Nous préférons voir cette affaire sous cet angle plutôt que sous l’angle de la mise en place d’un système alternatif, même si cela semble le cas. L’essentiel, c’est d’abord les coups portés au Système central dont, jusqu’ici, tout le monde dépend peu ou prou. Selon notre perception séquentielle, la chute du Système est le point essentiel qui doit précéder toute possibilité d’organisation nouvelle fondamentale. C’est le point de la rupture, après lequel plus rien ne sera comme avant et sans lequel rien ne peut être qui n’ait quelque chose d’avant.

Dynamique d’autodestruction du Système

Comme on l’a déjà mentionné, le fait essentiel au niveau de l’évolution de la crise générale est bien que ces différents facteurs financiers, monétaires et commerciaux ne sont pas développés, pour ce qui concerne la “cause centrale”, en fonction d’une situation spécifique de ces domaines financier, monétaire et commerciaux. C’est, par exemple, une situation complètement différente du début de 2009, où l’hégémonie du dollar fut mise en cause (voir, par exemple, le 27 mars 2009), principalement par la Chine, pour des raisons évidemment suscitées par la crise de l’effondrement financier US de l’automne 2008, donc strictement financières.
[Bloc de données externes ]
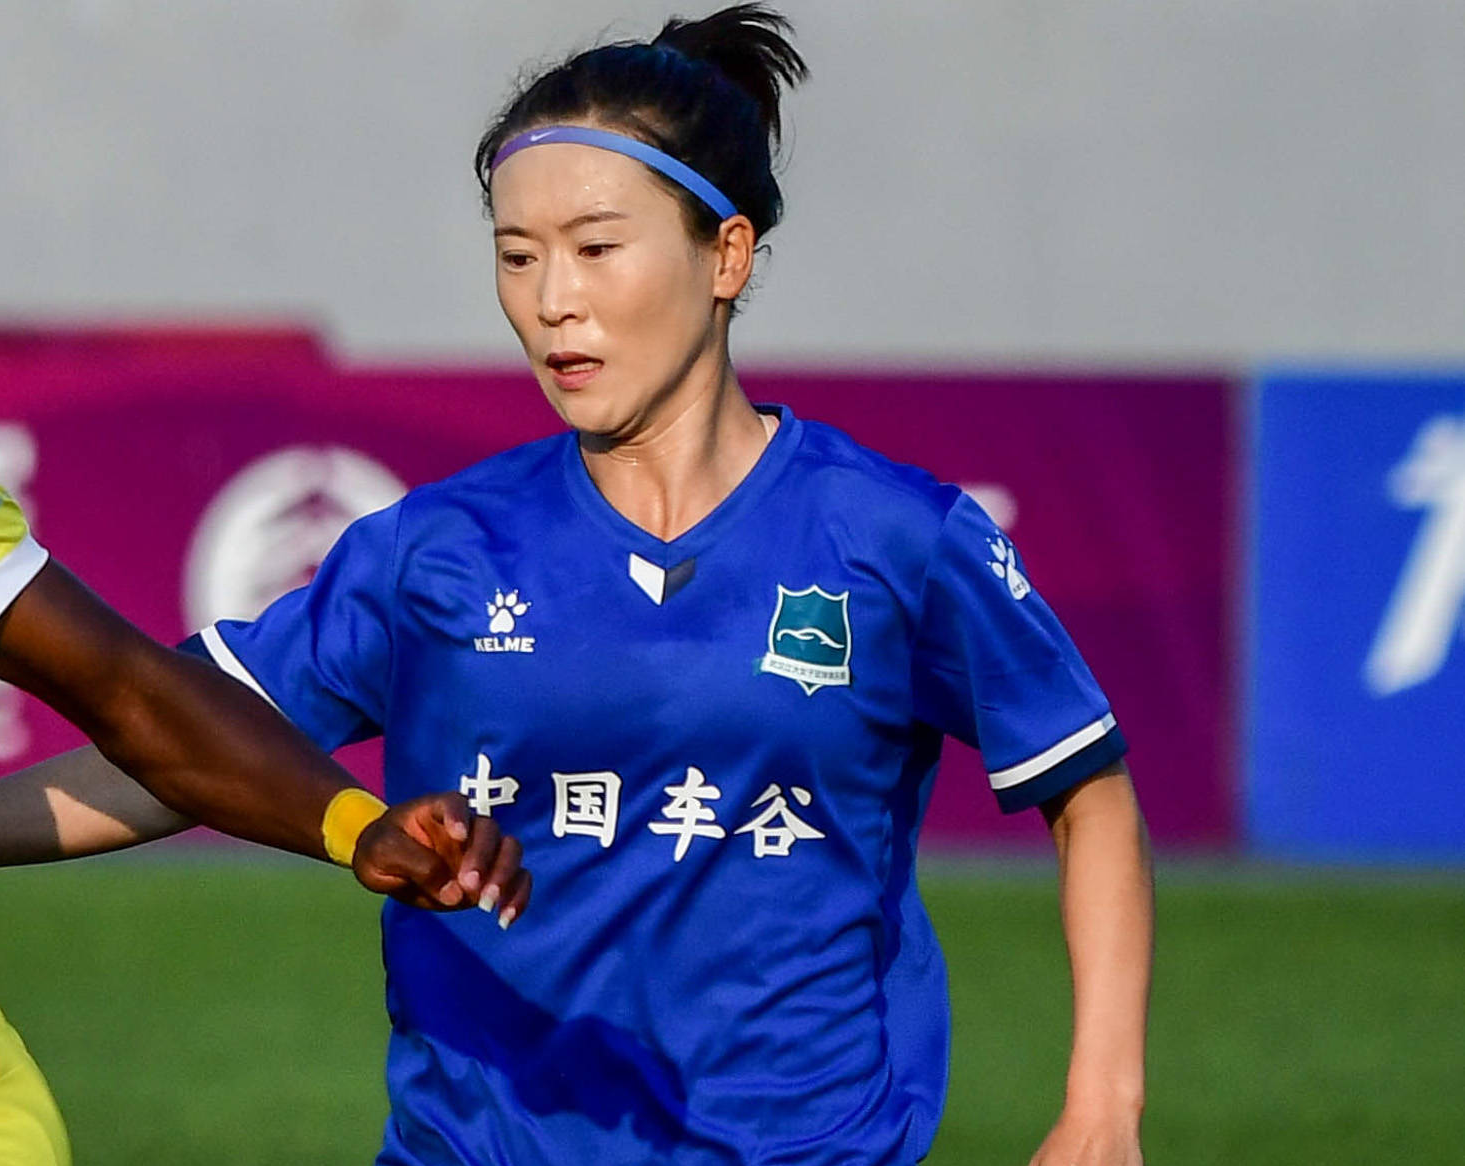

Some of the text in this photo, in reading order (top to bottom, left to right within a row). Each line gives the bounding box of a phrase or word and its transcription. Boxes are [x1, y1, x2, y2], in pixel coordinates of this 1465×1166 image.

[473, 636, 536, 653] KELME
[459, 753, 826, 863] 中国车谷
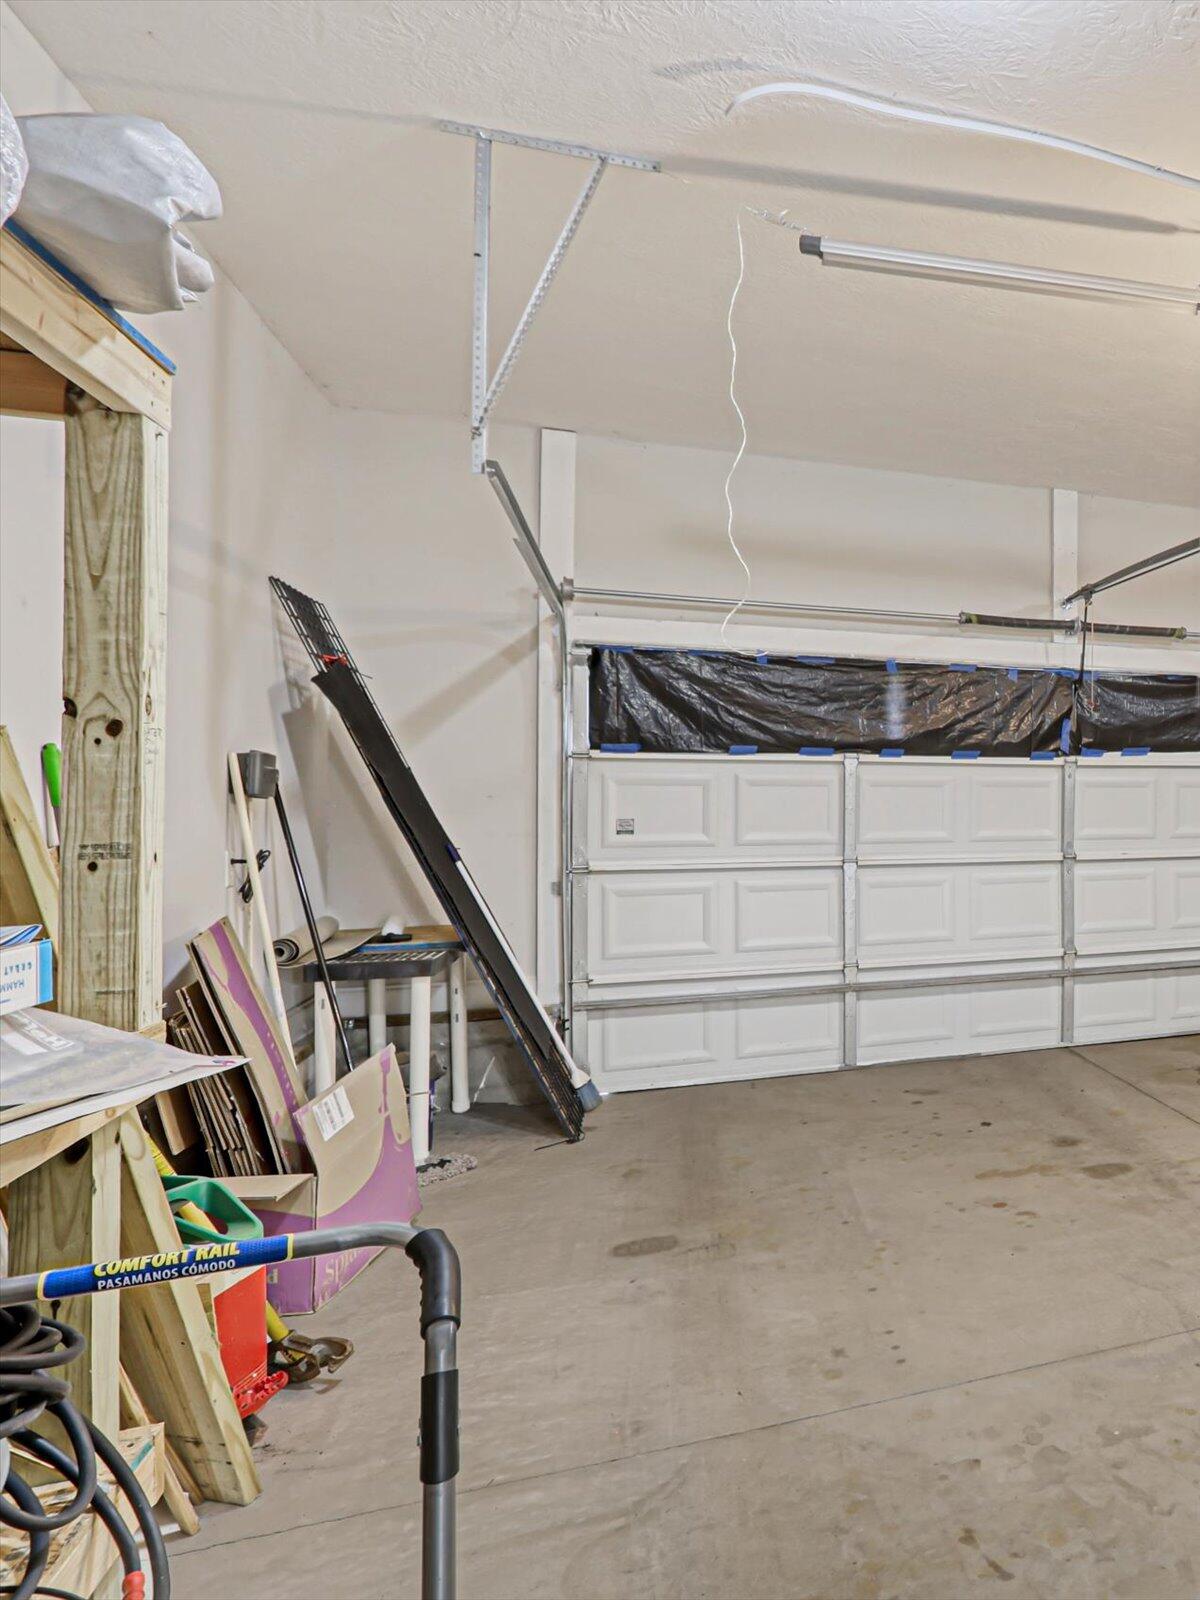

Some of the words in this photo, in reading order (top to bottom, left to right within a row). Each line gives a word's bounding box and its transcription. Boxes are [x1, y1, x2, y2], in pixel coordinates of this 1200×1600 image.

Cette fois, nous assistons à une intégration totale de crises de nature différente : crise politique et stratégique (l’Iran), crise psychologique et crise des directions politiques (le bloc BAO et Israël), crise psychologique et bureaucratique (le fondement de la politique du bloc BAO renvoyant à la poussée nihiliste du Système), etc., pour conduire aux dimensions financière, monétaire et commerciales, en attendant d’autres dimensions. Cette intégration est un point fondamental en ceci qu’elle expose à nu qu’il s’agit bien de la crise générale d’effondrement du Système. Il n’est pas du tout assuré, et il l’est de moins en moins, qu’une guerre (celle contre l’Iran, bien sûr) soit nécessaire pour cette opération de curetage général. La dynamique d’autodestruction du Système, la dynamique de la Chute, est, à cet égard, plus rapide que tout le reste. Le temps n'est plus historique, il est métahistorique.